O texto a seguir foi produzido em 27 março de 2006 e publicado em um blog então capitaneado pelo meu carismático amigo Daniel Camargos. O pano de fundo foi um clássico entre Cruzeiro e Atlético pelas semifinais do Campeonato Mineiro daquela temporada.
O primeiro confronto da série terminou com um empate por dois gols. A segunda partida foi disputada sob forte chuva; antecedida por uma semana recheada pela tensão e a tradicional provocação. No entanto, o roteiro dos anos anteriores acabou se repetindo... O Cruzeiro venceu por 2 a 0 e se classificou para a final, superando o Ipatinga na decisão e conquistando mais um campeonato. O Atlético não conquistava um título desde 2000 e aquela pungente derrota foi mais um golpe que atingiu ferozmente a sofrida alma alvinegra.

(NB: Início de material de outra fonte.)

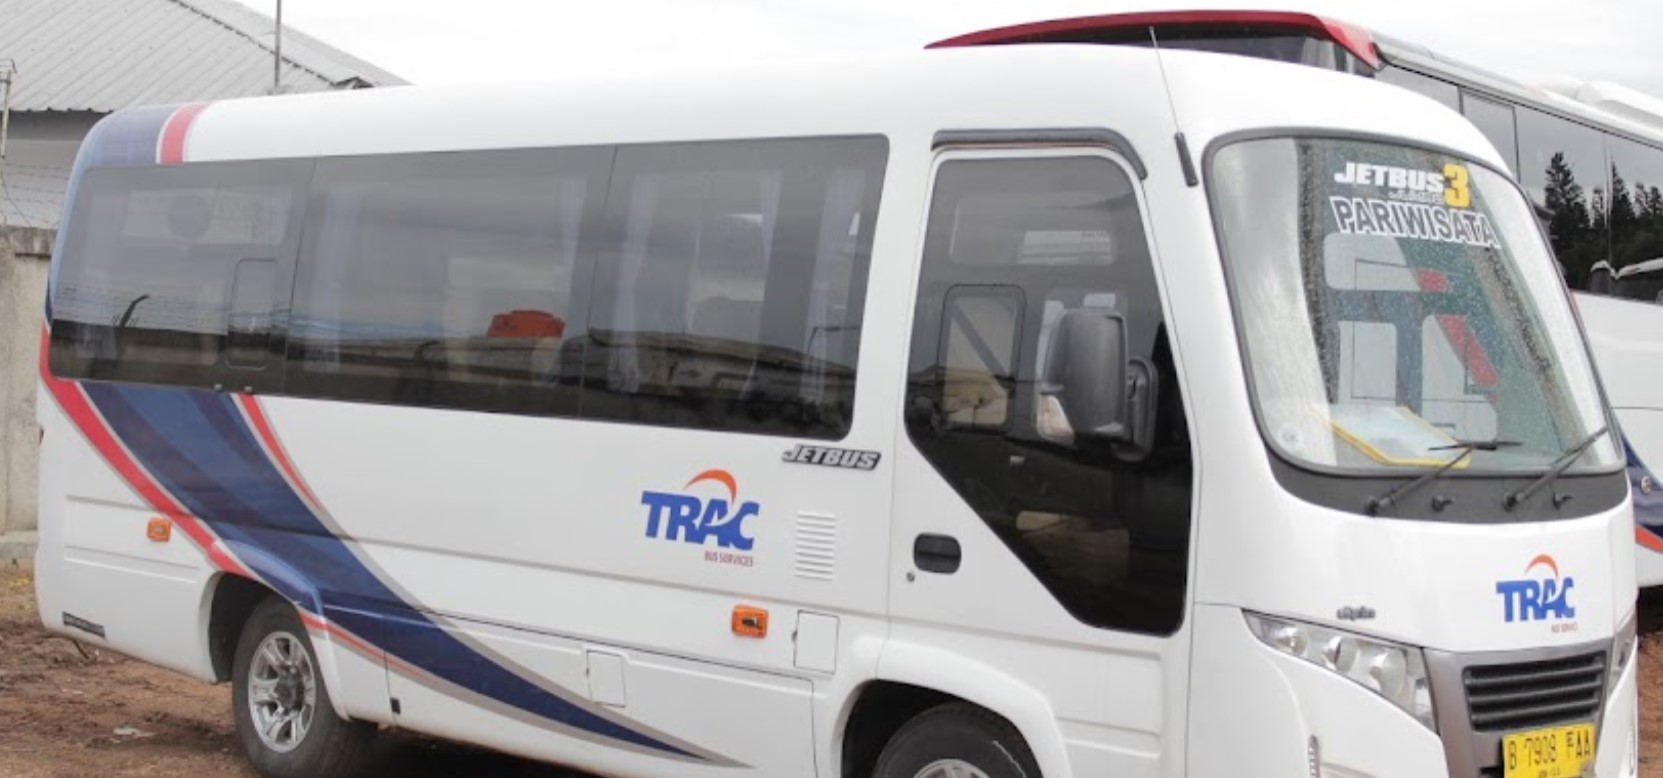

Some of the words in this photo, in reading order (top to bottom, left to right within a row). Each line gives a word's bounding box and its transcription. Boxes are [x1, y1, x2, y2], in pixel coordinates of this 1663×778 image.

[1330, 196, 1500, 249] PARIWISATA
[782, 444, 880, 471] JETBUS
[641, 491, 759, 551] TRAC
[1496, 577, 1575, 622] TRAC
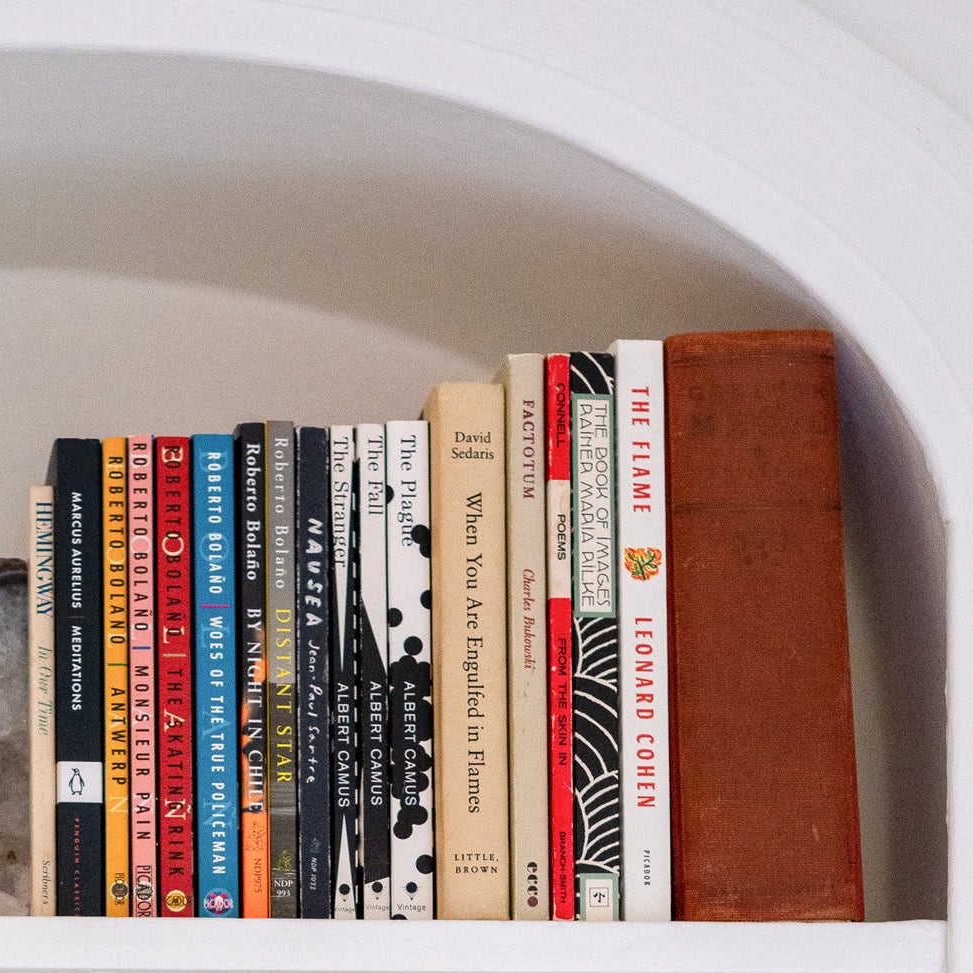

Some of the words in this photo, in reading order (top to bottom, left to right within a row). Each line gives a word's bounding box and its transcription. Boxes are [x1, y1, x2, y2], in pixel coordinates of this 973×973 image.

[556, 383, 566, 448] CONNELL
[594, 404, 608, 438] THE
[631, 386, 650, 427] THE
[333, 436, 349, 473] The
[368, 435, 384, 472] The
[400, 434, 417, 471] The
[452, 447, 495, 460] Sedaris
[455, 431, 491, 444] David
[523, 399, 535, 500] FACTOTUM
[579, 404, 594, 474] RAINER
[133, 443, 149, 536] ROBERTO
[165, 445, 182, 540] ROBERTO
[208, 451, 222, 524] ROBERTO
[246, 443, 262, 512] Roberto
[274, 437, 289, 514] Roberto
[368, 480, 384, 516] Fall
[595, 447, 609, 499] BOOK
[632, 441, 651, 514] FLAME
[71, 491, 82, 545] MARCUS
[109, 456, 124, 549] ROBERTO
[332, 481, 350, 568] Stranger
[397, 479, 418, 547] Plague
[466, 492, 483, 546] When
[579, 481, 595, 544] MARIA
[596, 507, 609, 530] OF
[36, 502, 53, 619] HEMINGWAY
[208, 533, 226, 594] BOLAÑO
[246, 520, 262, 581] Bolaño
[274, 525, 290, 589] Bolaño
[557, 514, 567, 560] POEMS
[71, 548, 82, 609] AURELIUS
[134, 553, 153, 631] BOLAÑO
[305, 518, 324, 627] NAUSEA
[466, 553, 484, 590] You
[523, 569, 535, 612] Charles
[581, 552, 595, 607] RILKE
[596, 537, 612, 607] IMAGES
[209, 616, 223, 660] WOES
[247, 608, 262, 631] BY
[466, 596, 484, 630] Are
[37, 645, 52, 663] In
[71, 625, 82, 711] MEDITATIONS
[276, 608, 293, 714] DISTANT
[523, 616, 536, 669] Bukowski
[558, 637, 567, 676] FROM
[634, 617, 654, 720] LEONARD
[37, 666, 53, 696] Our
[166, 670, 183, 705] THE
[210, 669, 224, 687] OF
[247, 641, 263, 708] NIGHT
[307, 640, 323, 717] Jean-Paul
[463, 636, 486, 719] Engulfed
[558, 684, 568, 709] THE
[37, 700, 53, 736] Time
[111, 687, 127, 785] ANTWERP
[135, 666, 151, 776] MONSIEUR
[210, 695, 224, 724] THE
[248, 718, 263, 739] IN
[337, 682, 350, 744] ALBERT
[370, 680, 383, 742] ALBERT
[403, 680, 417, 742] ALBERT
[467, 725, 484, 743] in
[559, 715, 568, 746] SKIN
[167, 720, 184, 810] SKATING
[210, 733, 225, 772] TRUE
[248, 750, 264, 812] CHILE
[277, 725, 293, 783] STAR
[306, 725, 321, 784] Sartre
[337, 750, 350, 807] CAMUS
[370, 748, 383, 806] CAMUS
[404, 748, 417, 806] CAMUS
[559, 752, 568, 766] IN
[636, 734, 655, 808] COHEN
[467, 749, 485, 814] Flames
[136, 792, 151, 840] PAIN
[211, 782, 226, 874] POLICEMAN
[168, 826, 184, 876] RINK
[254, 857, 262, 893] NDP975
[454, 853, 499, 863] LITTLE,
[455, 866, 498, 874] BROWN
[559, 831, 567, 904] BRANCH-SMITH
[643, 850, 651, 886] PICADOR
[136, 865, 152, 917] PICADOR
[397, 903, 427, 912] Vintage

A música "Construção", composição de Chico Buarque, norteou e ditou todo o texto, marcado pela relação de um casal rendido às dores e prazeres do futebol naquele domingo encharcado de clássico. Ele atleticano: nostálgico, lúdico, apaixonado, sonhador....Ela cruzeirense: bem sucedida, organizada, exigente, racional...
Vamos ao texto...
Amou daquela vez como se fosse a última.
Naquele domingo, como sempre, a eterna esperança driblou a velha angústia e atravessou o horizonte nebuloso, o guiando rumo ao imponente cenário colossal. Sai tristeza, sai amargura...Seis anos, quase seis anos sem aquelas sensações de incontido êxtase profundo. Seis anos de suor, lágrimas despudoradas e algumas efêmeras alegrias que apenas iludiram e mantiveram a tal da inabalável paixão desenfreada. Tudo isso tinha que acabar. Não era possível tamanha frustração. Ele queria vencer, sorrir, ele queria gritar, esquecer as mágoas e não apenas sonhar. Ele estava ávido por uma dose de realidade nas veias. Apenas isso. Realidade nas veias...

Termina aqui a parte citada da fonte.